Hello Sir, Could I sell you some Anxiety?

You would be hard pressed to find a psychologist in the 21st century that isn’t thankful the Freudian era is over. With the creation of the Diagnostic Statistics Manual (DSM) III in 1980 came the death of armchair theory as a ruling monarch over the field. The shift away from the era of dynamic psychiatry, built upon the theories of Freud and his disciples, to the cognitive era and the medical model had a profound impact on the fields of psychiatry and psychology. It moved the field into a far more rigorous epoch, one predicated on our understanding of scientific method.

This change in the dominant school of psychiatry has had many positive ramifications as the field entered modernity. But there have been negative consequences often unaccounted for as well. The implementation of a medical model, and this drastic change in the way we identify mental illness, inadvertently enabled the pharmaceutical industry to more effectively market and sell mental illness to the population.
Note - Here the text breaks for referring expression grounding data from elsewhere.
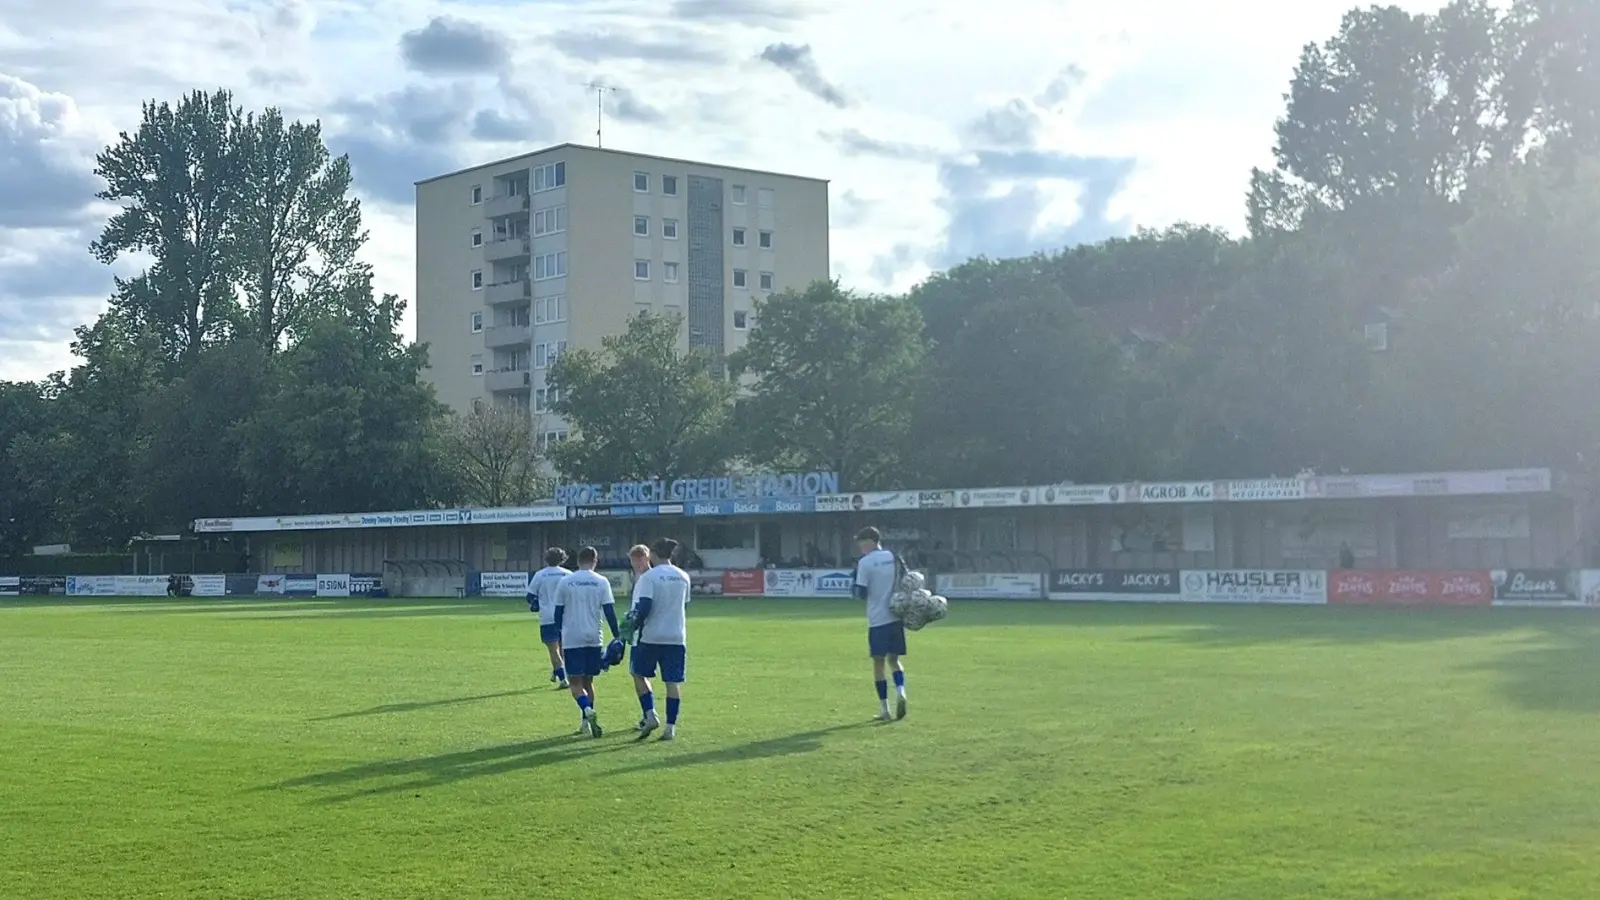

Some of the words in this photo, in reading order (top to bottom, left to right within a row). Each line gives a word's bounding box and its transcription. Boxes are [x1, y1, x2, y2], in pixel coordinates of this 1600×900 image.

[610, 480, 667, 503] ERICH
[671, 477, 735, 501] GREIPL
[1142, 485, 1186, 499] AGROB
[1191, 484, 1210, 498] AG
[694, 503, 719, 514] Basica
[734, 501, 760, 513] Basica
[775, 500, 802, 511] Basica
[326, 580, 348, 590] SIGNA
[1057, 572, 1104, 586] JACKY'S
[1122, 572, 1170, 586] JACKY'S
[1206, 572, 1300, 586] HÄUSLER
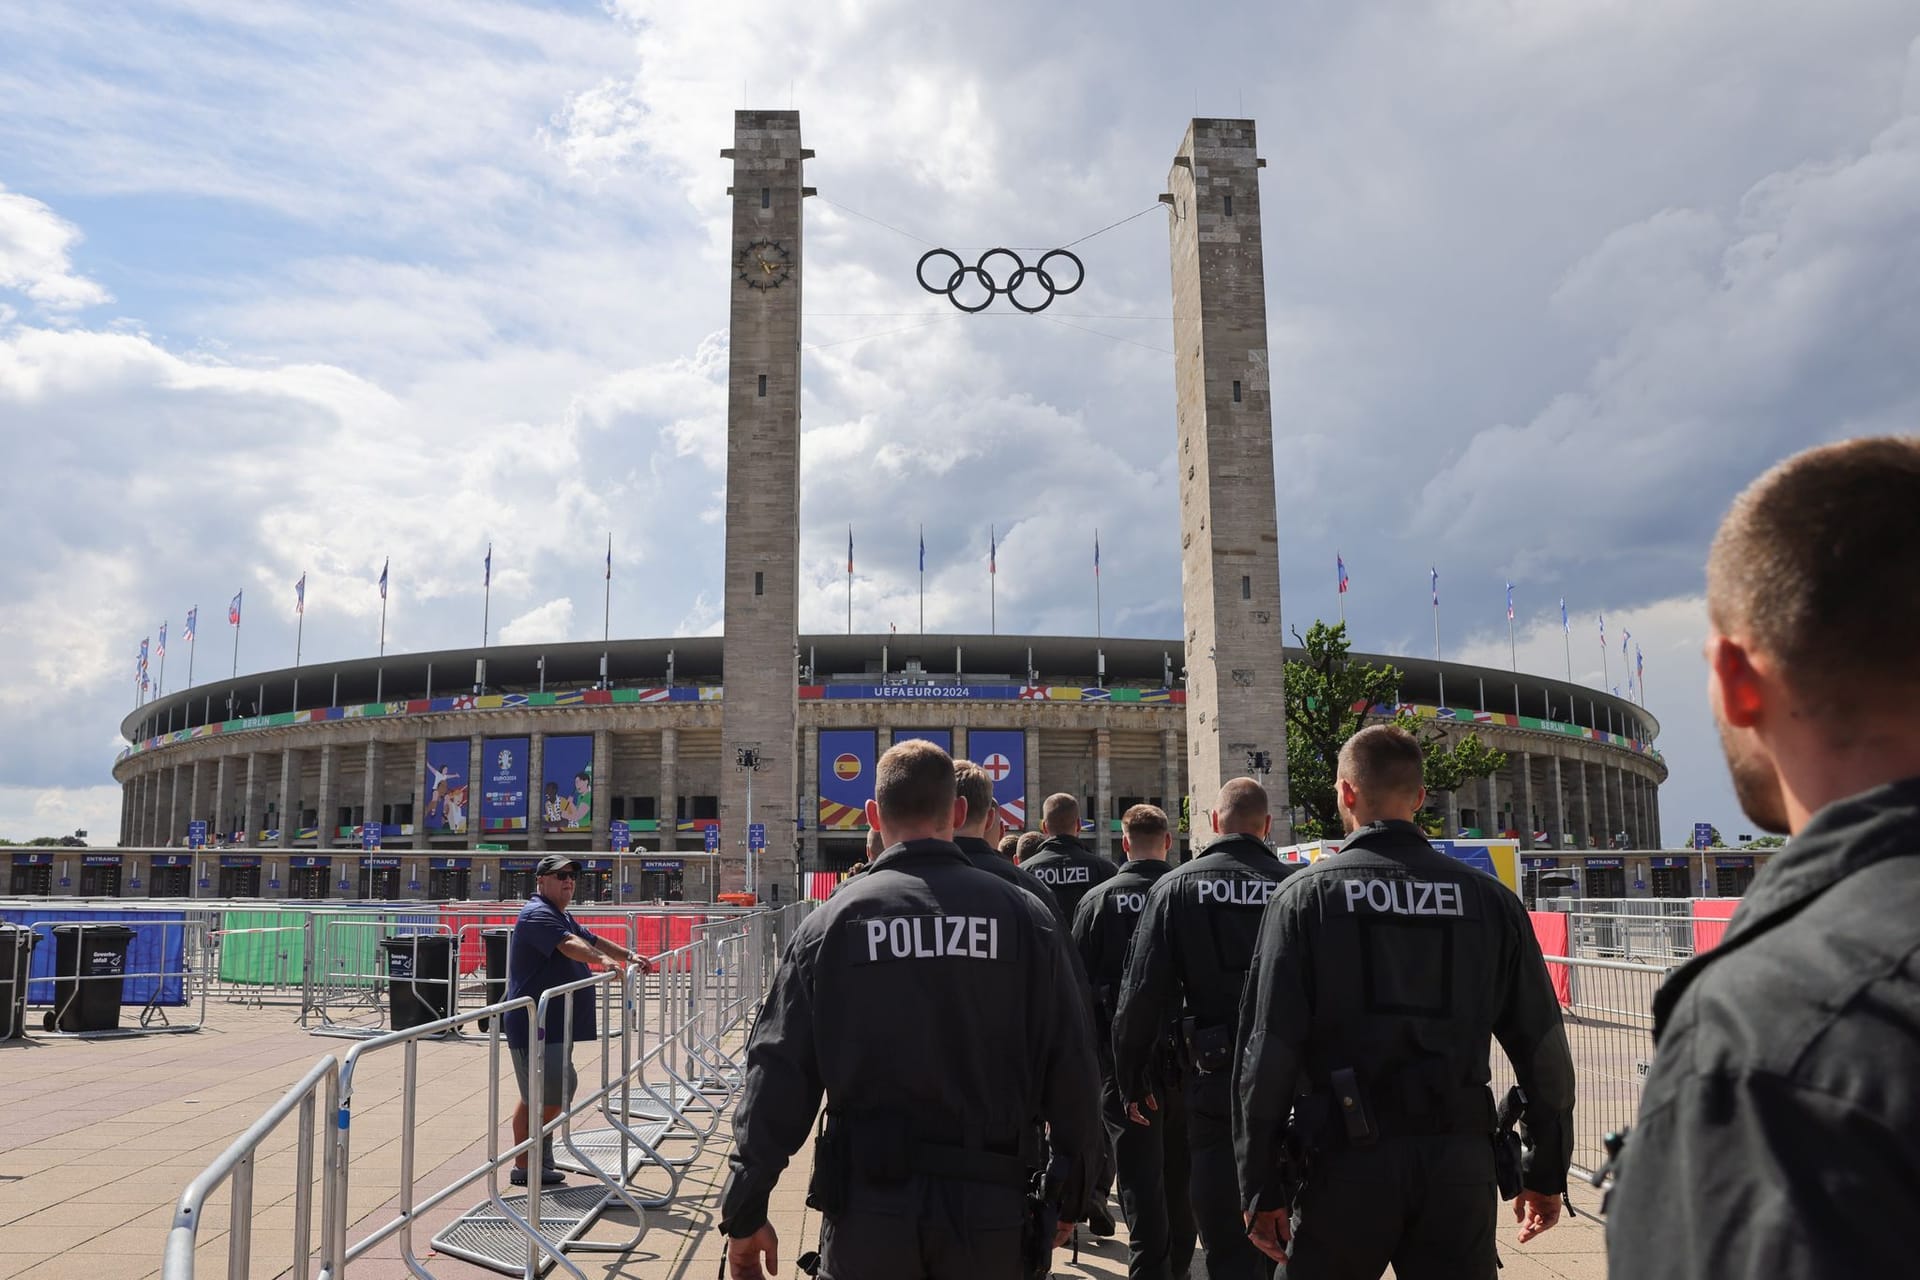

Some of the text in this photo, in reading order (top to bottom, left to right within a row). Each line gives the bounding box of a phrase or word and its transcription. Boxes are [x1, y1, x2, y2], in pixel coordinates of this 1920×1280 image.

[242, 716, 270, 729] BERLIN
[1540, 720, 1566, 733] BERLIN
[1035, 866, 1090, 885] POLIZEI
[1197, 879, 1281, 905] POLIZE
[1343, 879, 1464, 916] POLIZEI
[866, 916, 998, 961] POLIZEI
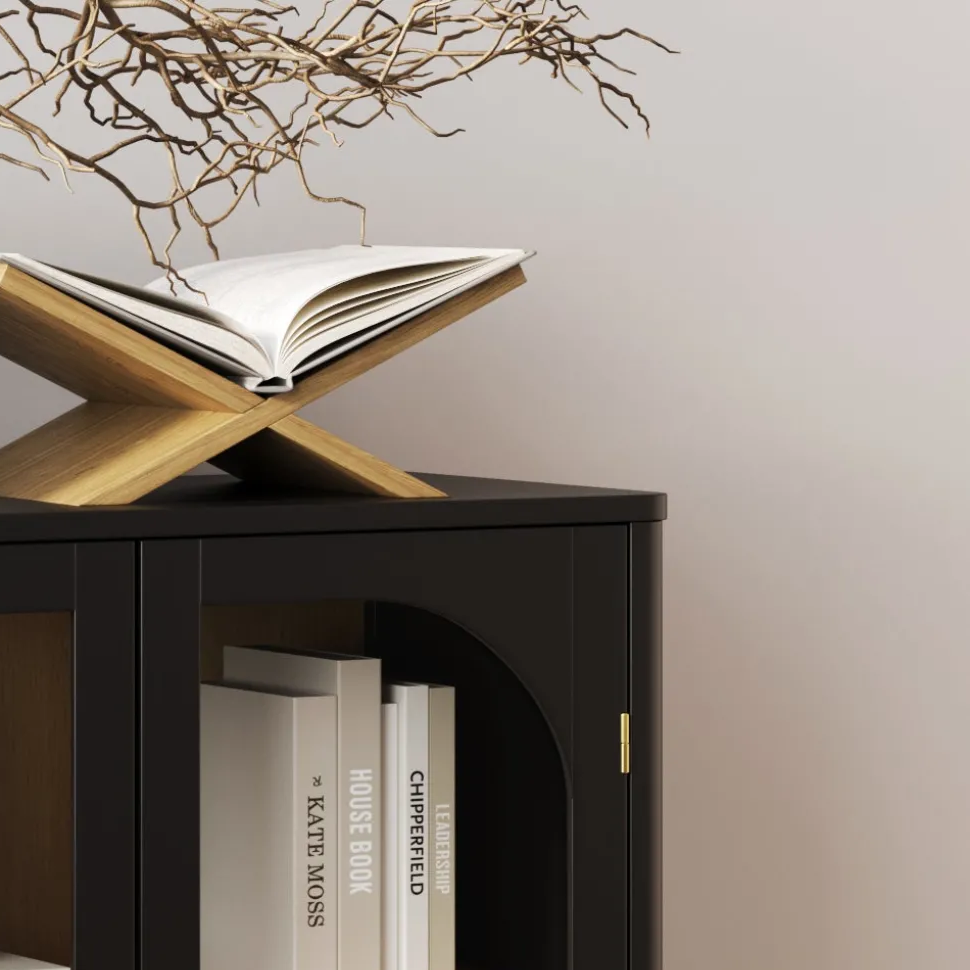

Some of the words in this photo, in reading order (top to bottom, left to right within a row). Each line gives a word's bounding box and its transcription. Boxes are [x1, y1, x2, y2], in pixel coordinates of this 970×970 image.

[307, 795, 325, 857] KATE
[349, 769, 373, 834] HOUSE
[410, 770, 425, 896] CHIPPERFIELD
[349, 841, 373, 895] BOOK
[435, 804, 451, 895] LEADERSHIP
[307, 864, 325, 928] MOSS
The dynamic model - which predicates itself on the principles that symptoms were symbols, illness was continuous, and treatment required deep intrapsychic interrogation – was phased out of the field when it’s precepts became incompatible with the biomedical model for treatment that emerged in the late 60s and early 70s. A model principally defined by the notion that symptoms were indicators of a disease entity, illness was discrete, and treatment required well defined and developed criteria. The principles of dynamic psychiatry were unsuitable for the biomedicine model of science, and consequently psychiatry evolved, adopting the medical model for diagnosis in the DSM III in 1980. This shift in the field satisfied many of the scientific principles of the time, such as the falsifiability principle, which further assisted the field in its establishment as a hard science. The marriage with the medical model allowed psychiatry to do this because it migrated the field away from hypotheticals, postulations and unknown constructs, and toward observation and method. The days of diagnosing someone through talk therapy were over, the process for diagnosis now consisted of the identification of visible symptomology.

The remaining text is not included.